Bei all dieser Not des Geistes fiel es ihm schwer, sich auf seine Aufgaben zu konzentrieren, für die er doch diesen mühsamen Weg tagtäglich auf sich nahm. An der Universität fiel es ihm schwer, dem Geschehen zu folgen, zu weit weg fühlte er sich dabei, abgelenkt von Gedanken, die immerzu an einen anderen Ort streben, drängen, insistieren, manchmal unterbrochen durch den tausendfach wiedergekäuten Brei seiner Umgebung. Auch er war darauf hereingefallen, hatte dies für eine sinnvolle und notwendige Übung gehalten; es hatte ihn gefangengenommen, beschäftigt, seinem Geist Nahrung gegeben, bis er sich selbst eingestehen musste, das auch das eine fruchtlose Beschäftigung war, ein sich-im-Kreise-drehen, Betrug!
III.
Die Zeit war um, er hatte es überstanden, er konnte sich nun erholen. Erleichtert ging er zum nächsten Fließband – Mittagessen. Er reihte sich in die Schlange der Wartenden ein, bewaffnet mit Tablett und Besteck, um eine der tausendfachen Portionen in Empfang zu nehmen. Während des Wartens hatte er Gelegenheit, sich eingehender mit dem Schlachtvieh zu beschäftigen, wie es in Gespräche mit austauschbaren Worten verstrickt war, wie es auf vorhersehbare Witze mit einem seelenlosen Lachen reagierte, wie es ängstlich darauf bedacht war, gut anzukommen.

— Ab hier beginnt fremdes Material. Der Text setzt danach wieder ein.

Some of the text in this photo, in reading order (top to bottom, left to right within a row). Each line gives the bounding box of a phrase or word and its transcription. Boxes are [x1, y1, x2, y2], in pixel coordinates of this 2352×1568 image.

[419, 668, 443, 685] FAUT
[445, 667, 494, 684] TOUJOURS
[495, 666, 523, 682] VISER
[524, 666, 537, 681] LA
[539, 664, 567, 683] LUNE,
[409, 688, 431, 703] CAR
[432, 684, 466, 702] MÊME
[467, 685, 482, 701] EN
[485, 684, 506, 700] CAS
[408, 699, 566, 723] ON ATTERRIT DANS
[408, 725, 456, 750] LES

Er kam an die Reihe. Er schob sein Tablett vor, bekam seine Portion auf den Teller geklatscht, übrigens ohne ein Lächeln der Angestellten auf den Lippen, wofür er ihr dankbar war, bezahlte, und entfernte sich in eine entfernte Ecke des Speisesaals. Während er aß betrachtete er die Werbezettel, neudeutsch „Flyer“, die auf dem Tisch lagen und verschiedene Produkte anpriesen. Unwillkürlich musste er bei der Betrachtung eines Flyers, der Sprach- und Rhetorikkurse anbot an das Schlachtvieh denken.

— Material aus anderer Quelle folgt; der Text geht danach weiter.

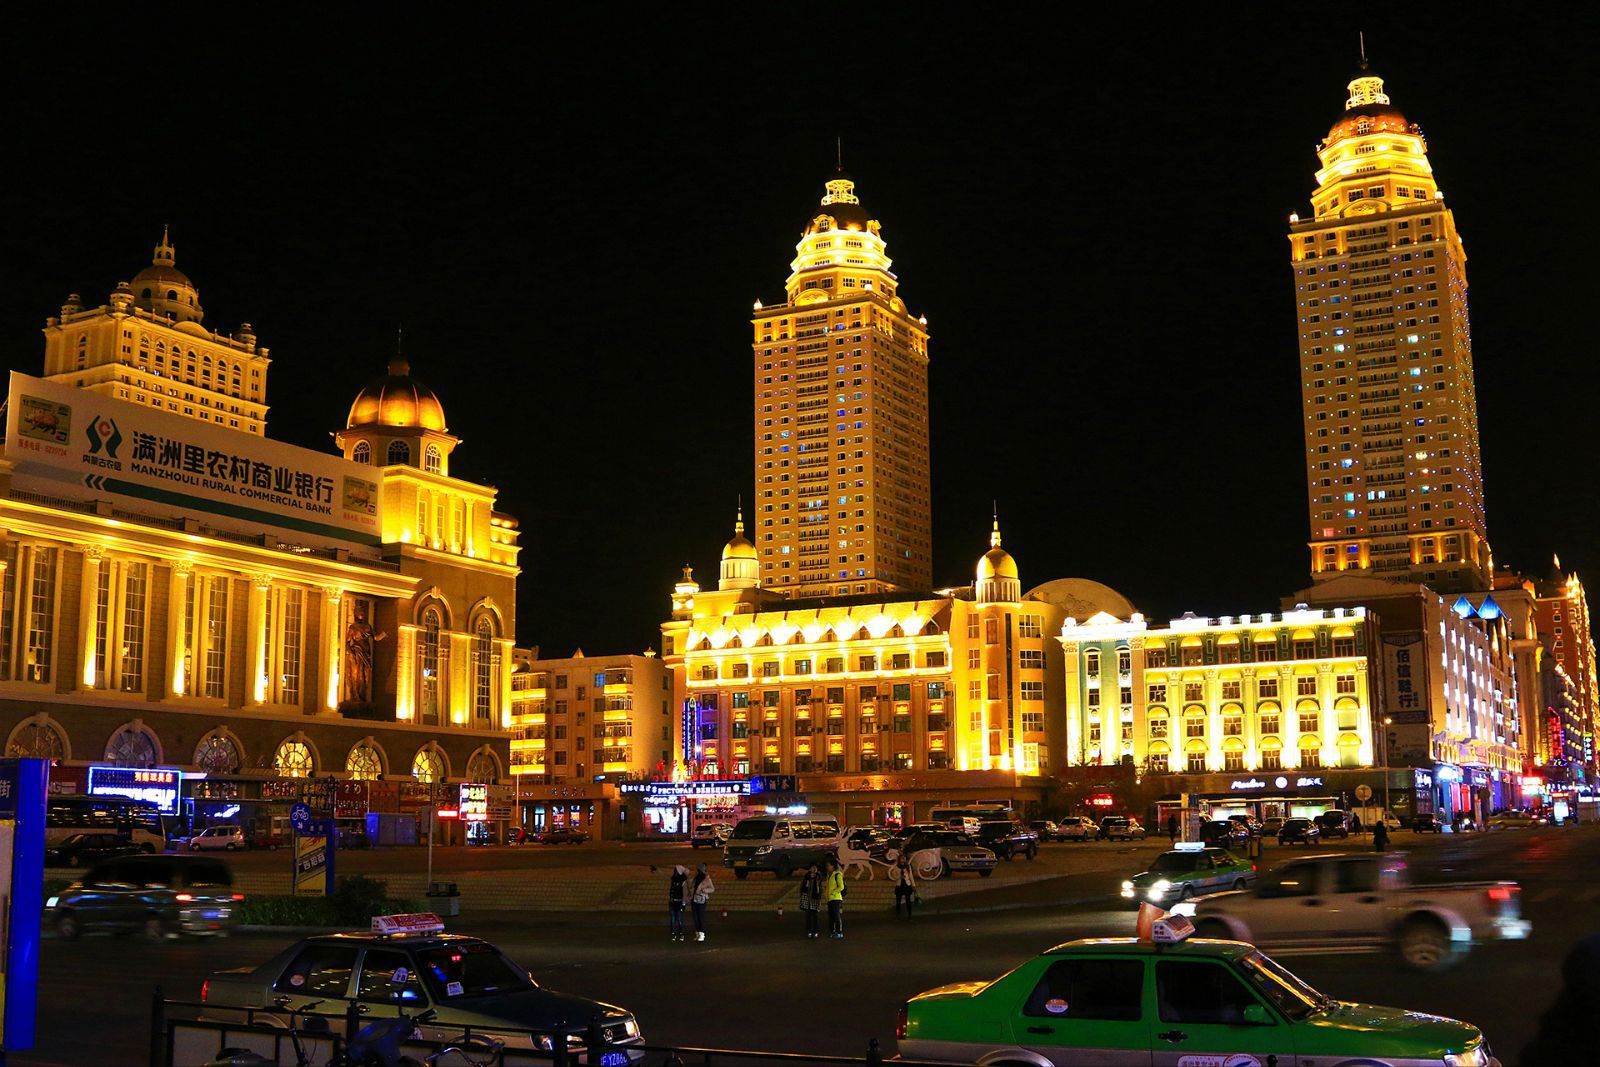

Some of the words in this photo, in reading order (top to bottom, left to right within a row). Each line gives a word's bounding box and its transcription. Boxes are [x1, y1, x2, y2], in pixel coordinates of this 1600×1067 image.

[131, 431, 334, 503] 满洲里农村商业银行
[131, 462, 199, 486] MANZHOULI
[202, 479, 237, 494] RURAL
[239, 487, 303, 509] COMMERCIAL
[305, 502, 332, 516] BANK
[657, 786, 694, 794] РЕСТОРАН

Nachdem es also durch Domestikation und Indoktrination, durch das Leben in der modernen Stadt jegliche Fähigkeit zu Kommunikation und freiem, unreglementiertem Gedankenaustausch eingebüßt hatte, sich daran gewöhnt hatte, nur dann etwas zu sagen, wenn es gefragt wurde, oder um irgendeinen warenförmig vermittelten Tausch zu vollziehen, lockte man es in Kurse, um die gedankenlose, dabei niemals stumme Wortlosigkeit überwinden zu lernen. Aber auch darum ging es ja nicht, man sollte ja nicht frei denken und sprechen, sondern nur das denken und sagen, was von einem verlangt wurde – es waren Kurse zur kommunikativen Selbstentmündigung des Schlachtviehs, das sich bereitwillig dafür hergab.
IV.
Angewidert stand er auf, nahm das Tablett und stellte es auf das nächste Fließband. Er beschloss, diesen Tag abzubrechen, den restlichen Unterricht in geistiger Selbstverstümmelung sausen zu lassen, nach Hause zu fahren, sich einzusperren, um dann auf den Anbruch eines Neuen Heute zu warten, das nichts substantiell Neues bringen würde, doch so hatte er wenigstens einen weiteren dieser überflüssigen Tage überstanden, an denen er schon im Moment des Augenaufschlagens merkte, dass dieser Tag nicht Gutes bringen würde.